▸ Task details
Could you restate all of the records exactly, leaving out the pictures?
--- Dataset records Enclosed Below ---
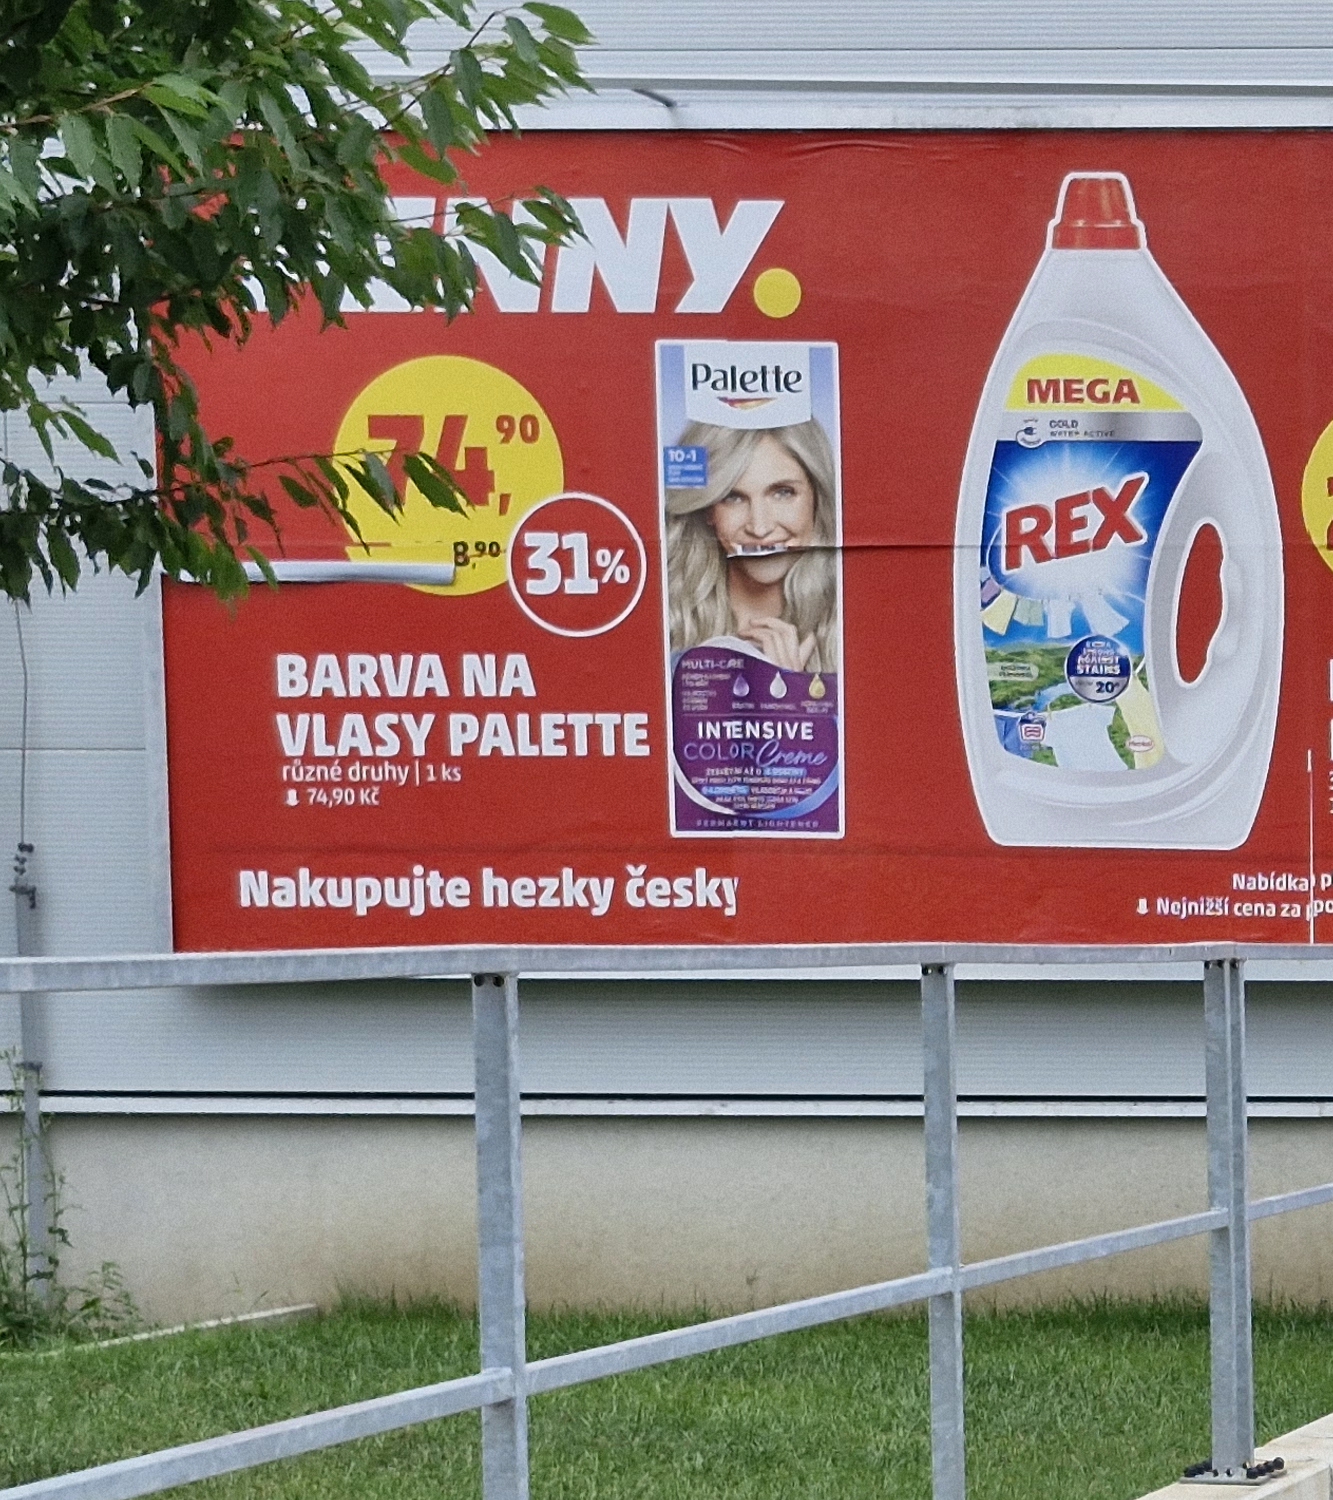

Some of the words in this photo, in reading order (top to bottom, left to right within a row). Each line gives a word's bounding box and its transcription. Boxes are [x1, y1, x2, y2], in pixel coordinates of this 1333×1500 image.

[243, 196, 801, 318] ENNY.
[691, 363, 803, 393] Palette
[1026, 378, 1140, 404] MEGA
[1004, 475, 1147, 571] REX
[524, 532, 631, 595] 31%
[276, 654, 450, 699] BARVA
[462, 653, 537, 699] NA
[276, 714, 436, 757] VLASY
[449, 713, 650, 757] PALETTE
[697, 720, 814, 740] INTENSIVE
[683, 742, 755, 760] COLOR
[755, 740, 828, 766] Creme
[282, 758, 342, 782] různé
[348, 760, 410, 786] druhy
[426, 764, 438, 782] 1
[441, 763, 462, 782] ks
[306, 787, 355, 808] 74,90
[360, 786, 380, 806] Kč
[239, 866, 471, 916] Nakupujte
[482, 867, 615, 916] hezky
[625, 865, 739, 916] česky
[1232, 872, 1309, 891] Nabídka
[1233, 901, 1276, 917] cena
[1280, 902, 1301, 918] za
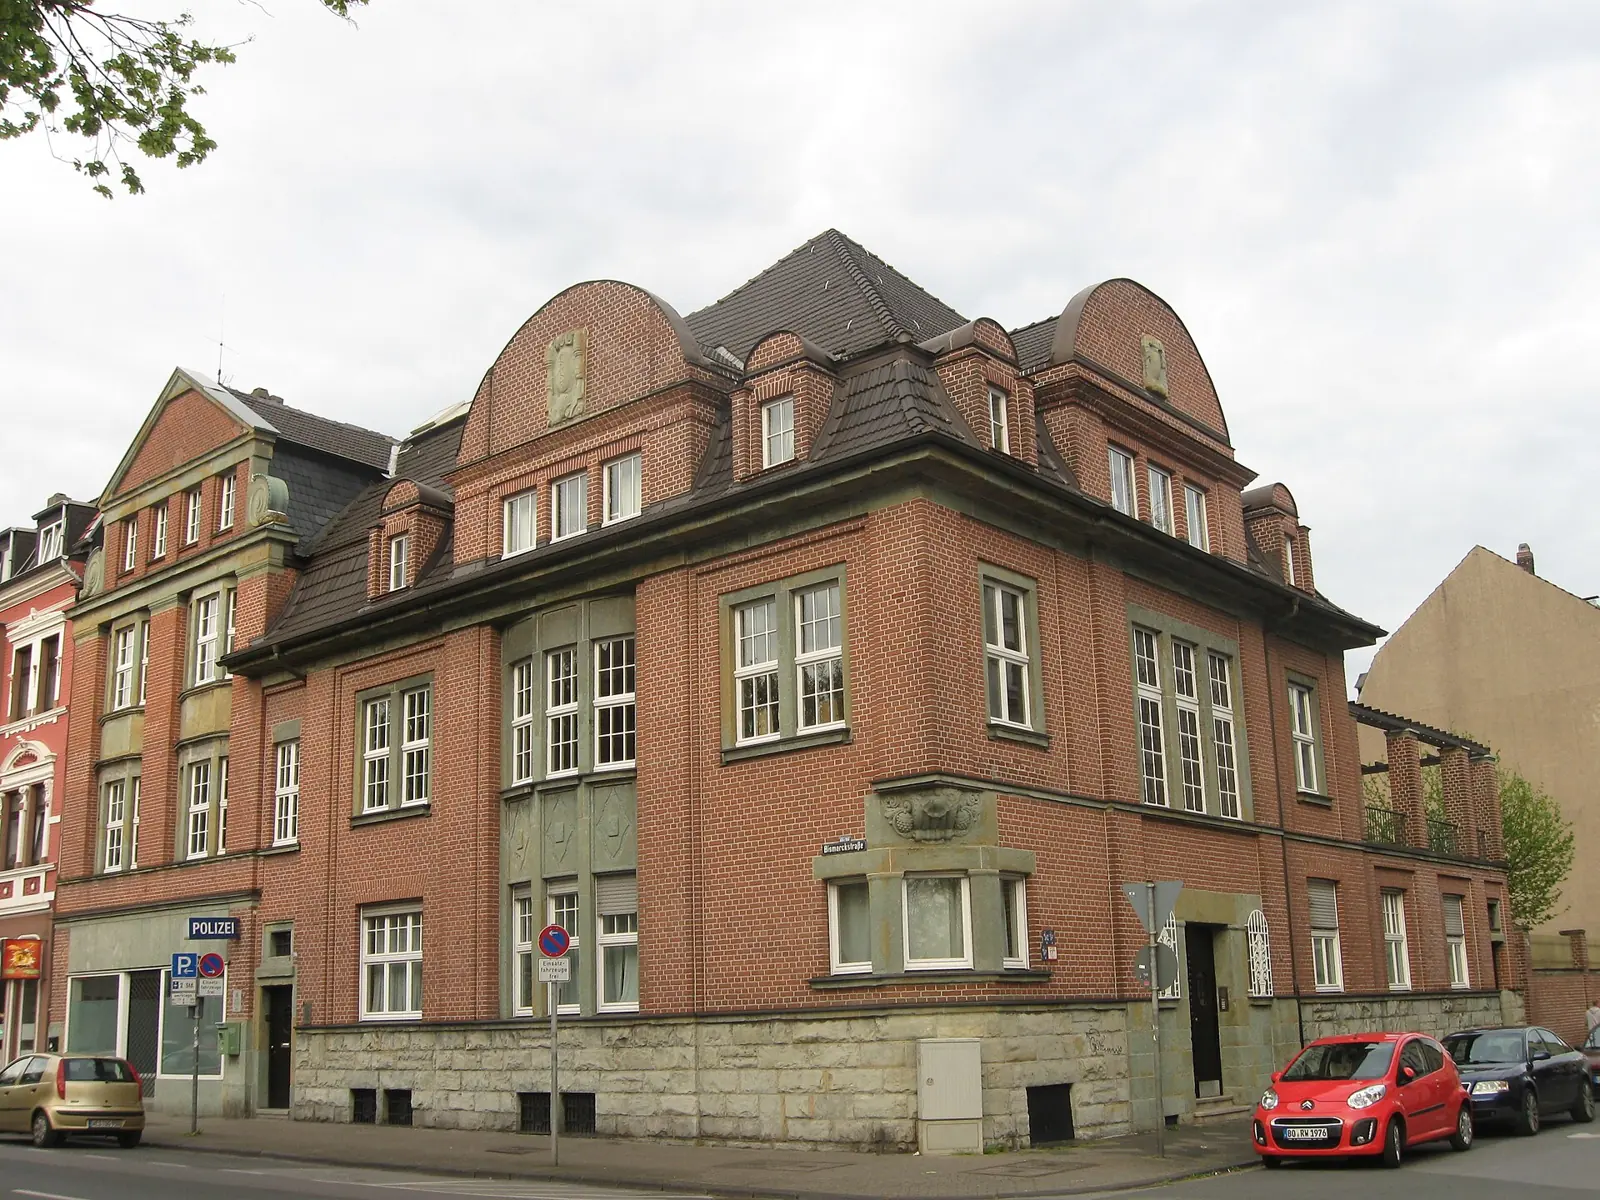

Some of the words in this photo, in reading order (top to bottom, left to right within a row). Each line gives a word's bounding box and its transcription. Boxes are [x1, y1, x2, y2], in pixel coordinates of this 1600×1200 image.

[823, 841, 864, 853] Bismarckstraße
[192, 922, 234, 935] POLIZEI
[177, 956, 191, 975] P
[1287, 1129, 1296, 1138] BO
[1300, 1129, 1309, 1137] RW
[1310, 1129, 1327, 1137] 1976
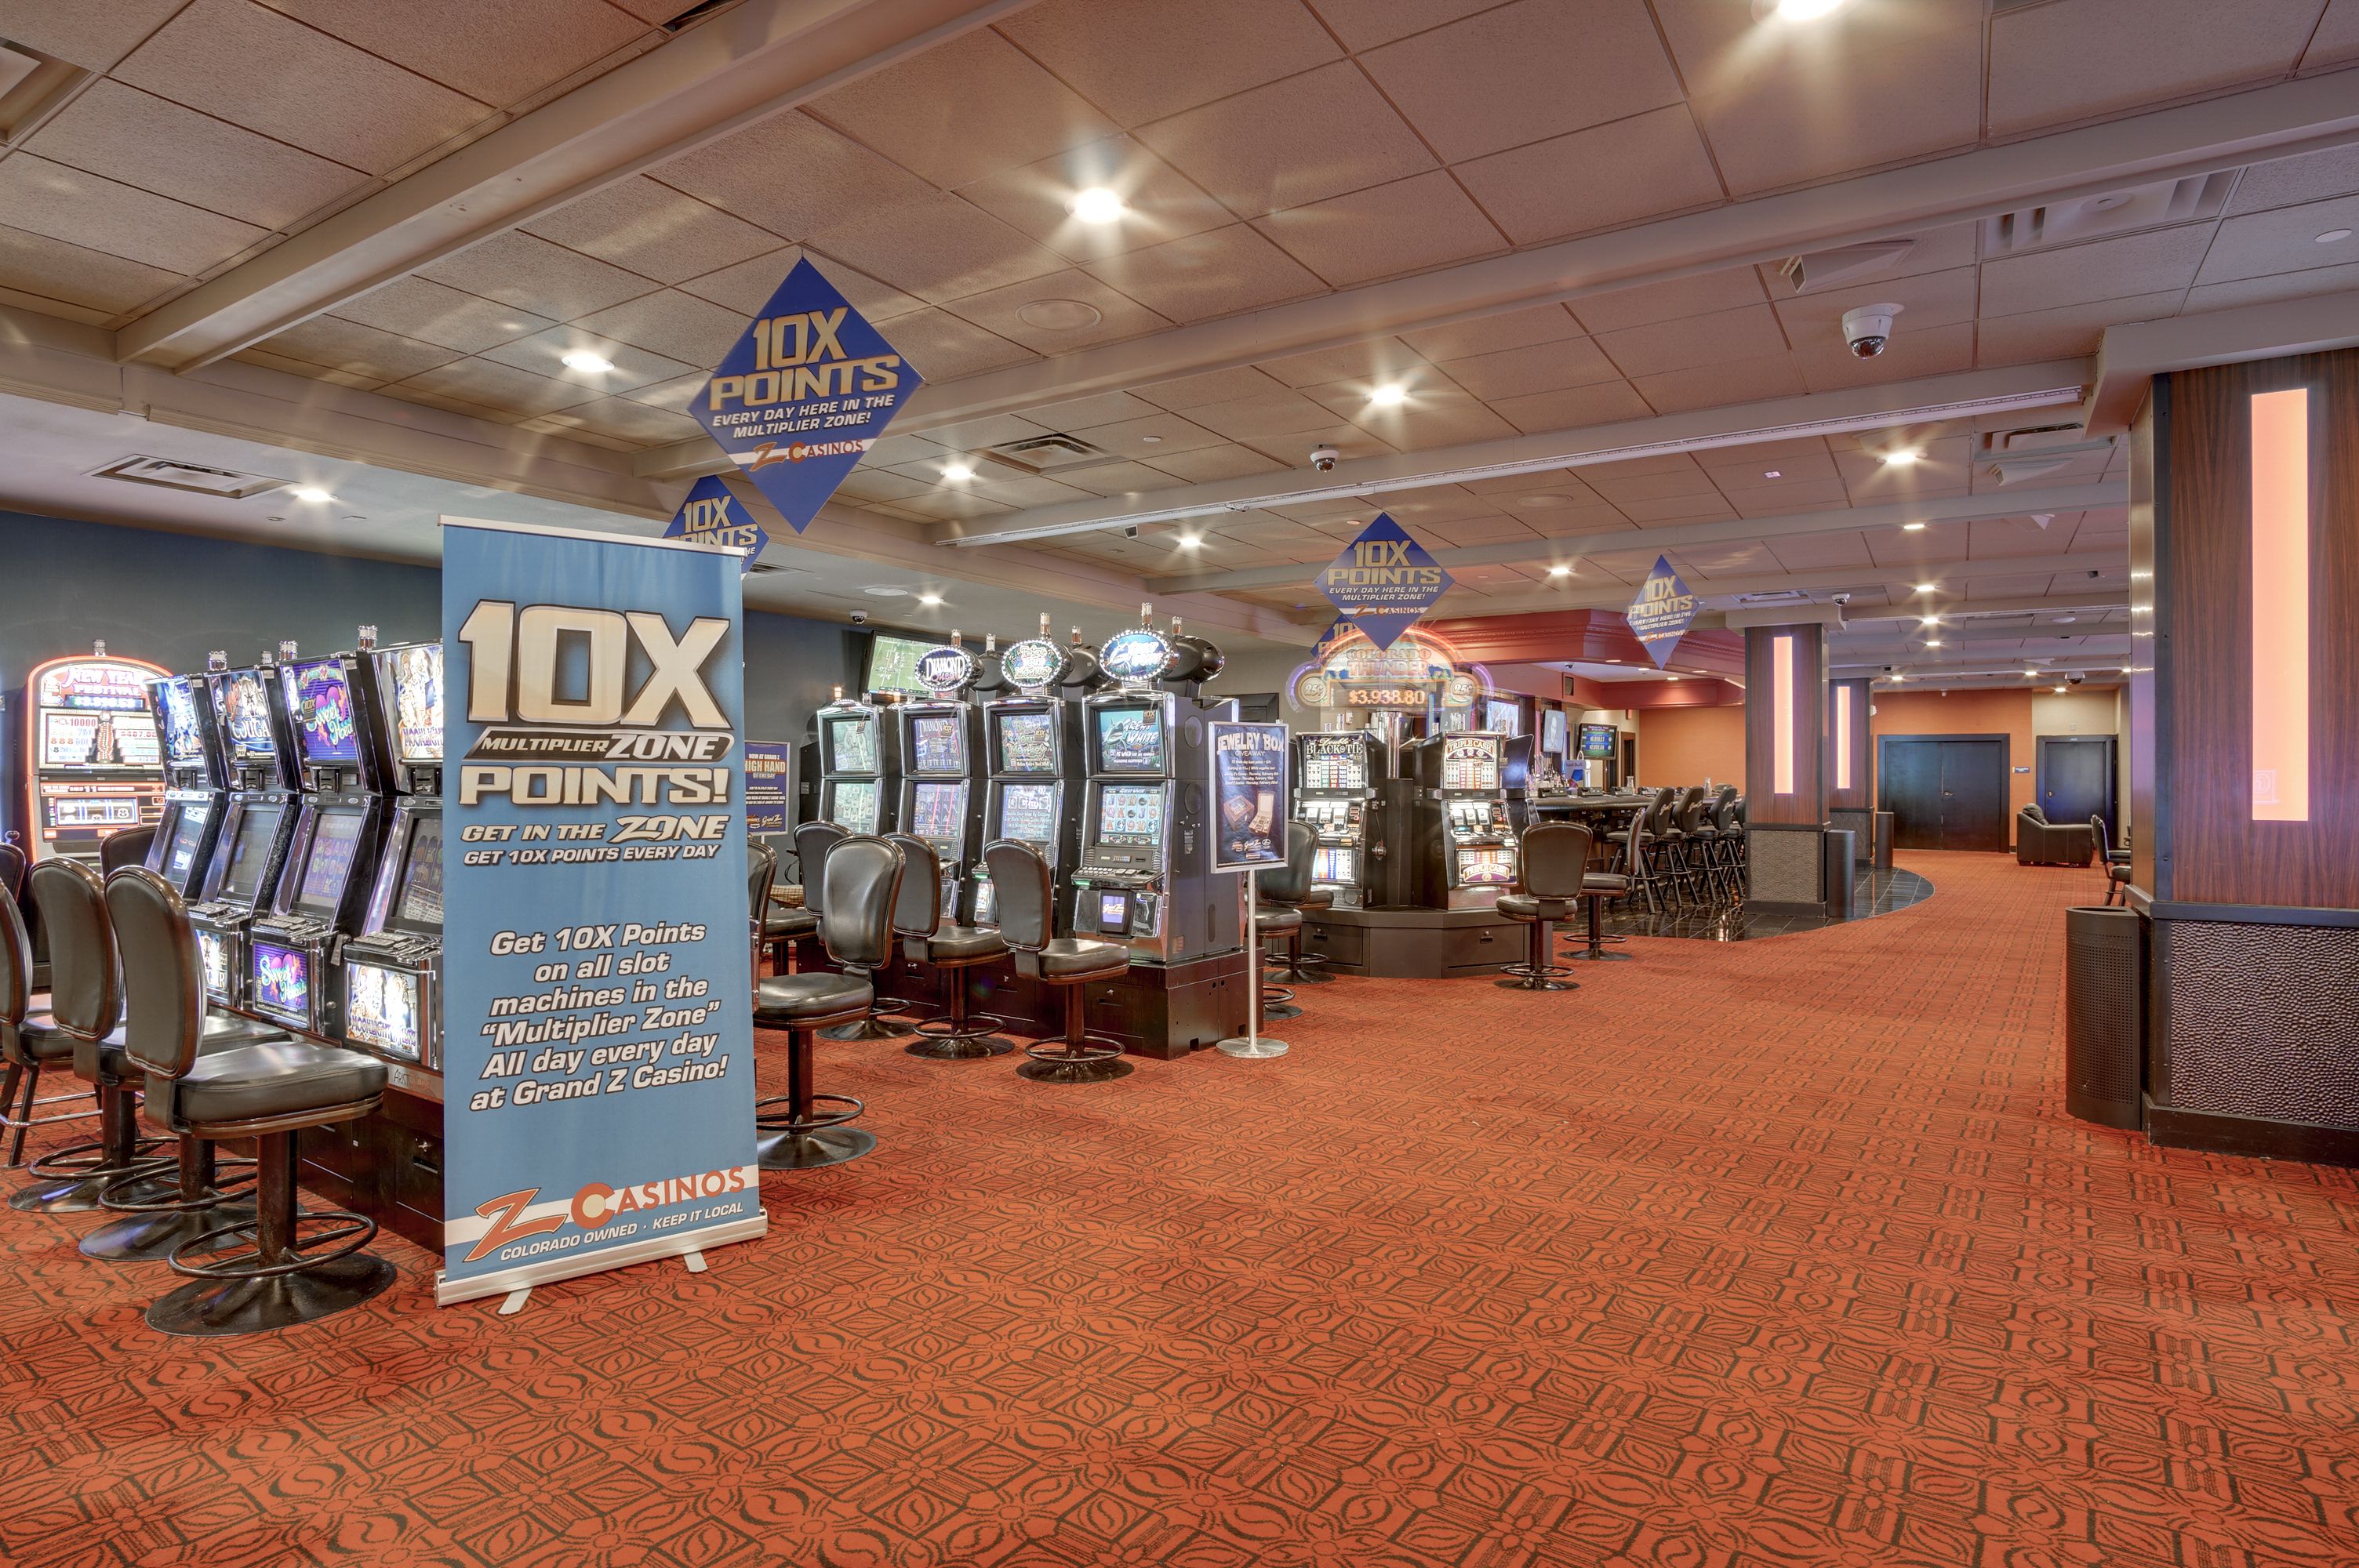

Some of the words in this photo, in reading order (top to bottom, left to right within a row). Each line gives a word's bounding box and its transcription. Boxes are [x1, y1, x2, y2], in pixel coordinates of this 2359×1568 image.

[752, 307, 849, 371] 10X
[709, 354, 900, 411] POINTS
[712, 411, 761, 427] EVERY
[763, 407, 796, 422] DAY
[799, 401, 839, 418] HERE
[842, 398, 861, 412] IN
[865, 394, 896, 408] THE
[733, 418, 820, 438] MULTIPLIER
[824, 412, 871, 428] ZONE!
[749, 442, 787, 472] Z
[788, 439, 863, 464] CASINOS
[683, 495, 732, 533] 10X
[667, 524, 758, 546] INTS
[1354, 539, 1411, 567] 10X
[1327, 567, 1441, 586] POINTS
[1645, 575, 1676, 602] 10X
[1627, 595, 1693, 619] POINTS
[1333, 622, 1355, 641] 10
[459, 599, 734, 730] 10X
[1347, 648, 1432, 659] COLORADO
[925, 656, 965, 681] DIAMOND
[1347, 660, 1429, 678] THUNDER
[232, 720, 271, 739] COUGA
[1126, 731, 1158, 744] WHITE
[1216, 731, 1260, 755] JEWELRY
[1263, 733, 1284, 752] BOX
[1318, 737, 1349, 746] Double
[482, 737, 609, 753] MULTIPLIER
[605, 733, 720, 760] ZONE
[1307, 744, 1340, 753] BLACK
[1346, 745, 1362, 753] TIE
[1448, 739, 1473, 753] TRIPLE
[1474, 739, 1492, 753] CASH
[764, 760, 786, 773] HAND
[458, 765, 730, 804] POINTS!
[461, 825, 518, 842] GET
[521, 825, 551, 841] IN
[556, 823, 606, 840] THE
[607, 815, 731, 844] ZONE
[463, 850, 504, 866] GET
[508, 849, 547, 864] 10X
[551, 848, 620, 862] POINTS
[623, 845, 679, 861] EVERY
[682, 844, 721, 859] DAY
[490, 931, 547, 956] Get
[554, 924, 620, 952] 10X
[620, 921, 707, 947] Points
[260, 955, 292, 986] Sweet
[535, 962, 569, 982] on
[576, 953, 613, 979] all
[617, 951, 671, 976] slot
[489, 985, 626, 1017] machines
[631, 980, 657, 1004] in
[664, 976, 708, 1000] the
[481, 1012, 636, 1047] “Multiplier
[641, 1000, 721, 1031] Zone”
[479, 1050, 528, 1080] All
[531, 1047, 586, 1075] day
[591, 1040, 666, 1065] every
[671, 1032, 719, 1058] day
[470, 1087, 507, 1111] at
[512, 1071, 602, 1105] Grand
[605, 1068, 628, 1094] Z
[632, 1054, 729, 1090] Casino!
[463, 1187, 568, 1262] Z
[571, 1166, 746, 1230] CASINOS
[500, 1234, 581, 1261] COLORADO
[583, 1223, 638, 1244] OWNED
[652, 1213, 688, 1230] KEEP
[689, 1210, 702, 1223] IT
[704, 1202, 743, 1220] LOCAL
--- End of Enclosed Dataset records ---
▸ Result of the exercise
Some of the words in this photo, in reading order (top to bottom, left to right within a row). Each line gives a word's bounding box and its transcription. Boxes are [x1, y1, x2, y2], in pixel coordinates of this 1333×1500 image.

[243, 196, 801, 318] ENNY.
[691, 363, 803, 393] Palette
[1026, 378, 1140, 404] MEGA
[1004, 475, 1147, 571] REX
[524, 532, 631, 595] 31%
[276, 654, 450, 699] BARVA
[462, 653, 537, 699] NA
[276, 714, 436, 757] VLASY
[449, 713, 650, 757] PALETTE
[697, 720, 814, 740] INTENSIVE
[683, 742, 755, 760] COLOR
[755, 740, 828, 766] Creme
[282, 758, 342, 782] různé
[348, 760, 410, 786] druhy
[426, 764, 438, 782] 1
[441, 763, 462, 782] ks
[306, 787, 355, 808] 74,90
[360, 786, 380, 806] Kč
[239, 866, 471, 916] Nakupujte
[482, 867, 615, 916] hezky
[625, 865, 739, 916] česky
[1232, 872, 1309, 891] Nabídka
[1233, 901, 1276, 917] cena
[1280, 902, 1301, 918] za

Some of the words in this photo, in reading order (top to bottom, left to right within a row). Each line gives a word's bounding box and its transcription. Boxes are [x1, y1, x2, y2], in pixel coordinates of this 1600×1200 image.

[823, 841, 864, 853] Bismarckstraße
[192, 922, 234, 935] POLIZEI
[177, 956, 191, 975] P
[1287, 1129, 1296, 1138] BO
[1300, 1129, 1309, 1137] RW
[1310, 1129, 1327, 1137] 1976

Some of the words in this photo, in reading order (top to bottom, left to right within a row). Each line gives a word's bounding box and its transcription. Boxes are [x1, y1, x2, y2], in pixel coordinates of this 2359×1568 image.

[752, 307, 849, 371] 10X
[709, 354, 900, 411] POINTS
[712, 411, 761, 427] EVERY
[763, 407, 796, 422] DAY
[799, 401, 839, 418] HERE
[842, 398, 861, 412] IN
[865, 394, 896, 408] THE
[733, 418, 820, 438] MULTIPLIER
[824, 412, 871, 428] ZONE!
[749, 442, 787, 472] Z
[788, 439, 863, 464] CASINOS
[683, 495, 732, 533] 10X
[667, 524, 758, 546] INTS
[1354, 539, 1411, 567] 10X
[1327, 567, 1441, 586] POINTS
[1645, 575, 1676, 602] 10X
[1627, 595, 1693, 619] POINTS
[1333, 622, 1355, 641] 10
[459, 599, 734, 730] 10X
[1347, 648, 1432, 659] COLORADO
[925, 656, 965, 681] DIAMOND
[1347, 660, 1429, 678] THUNDER
[232, 720, 271, 739] COUGA
[1126, 731, 1158, 744] WHITE
[1216, 731, 1260, 755] JEWELRY
[1263, 733, 1284, 752] BOX
[1318, 737, 1349, 746] Double
[482, 737, 609, 753] MULTIPLIER
[605, 733, 720, 760] ZONE
[1307, 744, 1340, 753] BLACK
[1346, 745, 1362, 753] TIE
[1448, 739, 1473, 753] TRIPLE
[1474, 739, 1492, 753] CASH
[764, 760, 786, 773] HAND
[458, 765, 730, 804] POINTS!
[461, 825, 518, 842] GET
[521, 825, 551, 841] IN
[556, 823, 606, 840] THE
[607, 815, 731, 844] ZONE
[463, 850, 504, 866] GET
[508, 849, 547, 864] 10X
[551, 848, 620, 862] POINTS
[623, 845, 679, 861] EVERY
[682, 844, 721, 859] DAY
[490, 931, 547, 956] Get
[554, 924, 620, 952] 10X
[620, 921, 707, 947] Points
[260, 955, 292, 986] Sweet
[535, 962, 569, 982] on
[576, 953, 613, 979] all
[617, 951, 671, 976] slot
[489, 985, 626, 1017] machines
[631, 980, 657, 1004] in
[664, 976, 708, 1000] the
[481, 1012, 636, 1047] “Multiplier
[641, 1000, 721, 1031] Zone”
[479, 1050, 528, 1080] All
[531, 1047, 586, 1075] day
[591, 1040, 666, 1065] every
[671, 1032, 719, 1058] day
[470, 1087, 507, 1111] at
[512, 1071, 602, 1105] Grand
[605, 1068, 628, 1094] Z
[632, 1054, 729, 1090] Casino!
[463, 1187, 568, 1262] Z
[571, 1166, 746, 1230] CASINOS
[500, 1234, 581, 1261] COLORADO
[583, 1223, 638, 1244] OWNED
[652, 1213, 688, 1230] KEEP
[689, 1210, 702, 1223] IT
[704, 1202, 743, 1220] LOCAL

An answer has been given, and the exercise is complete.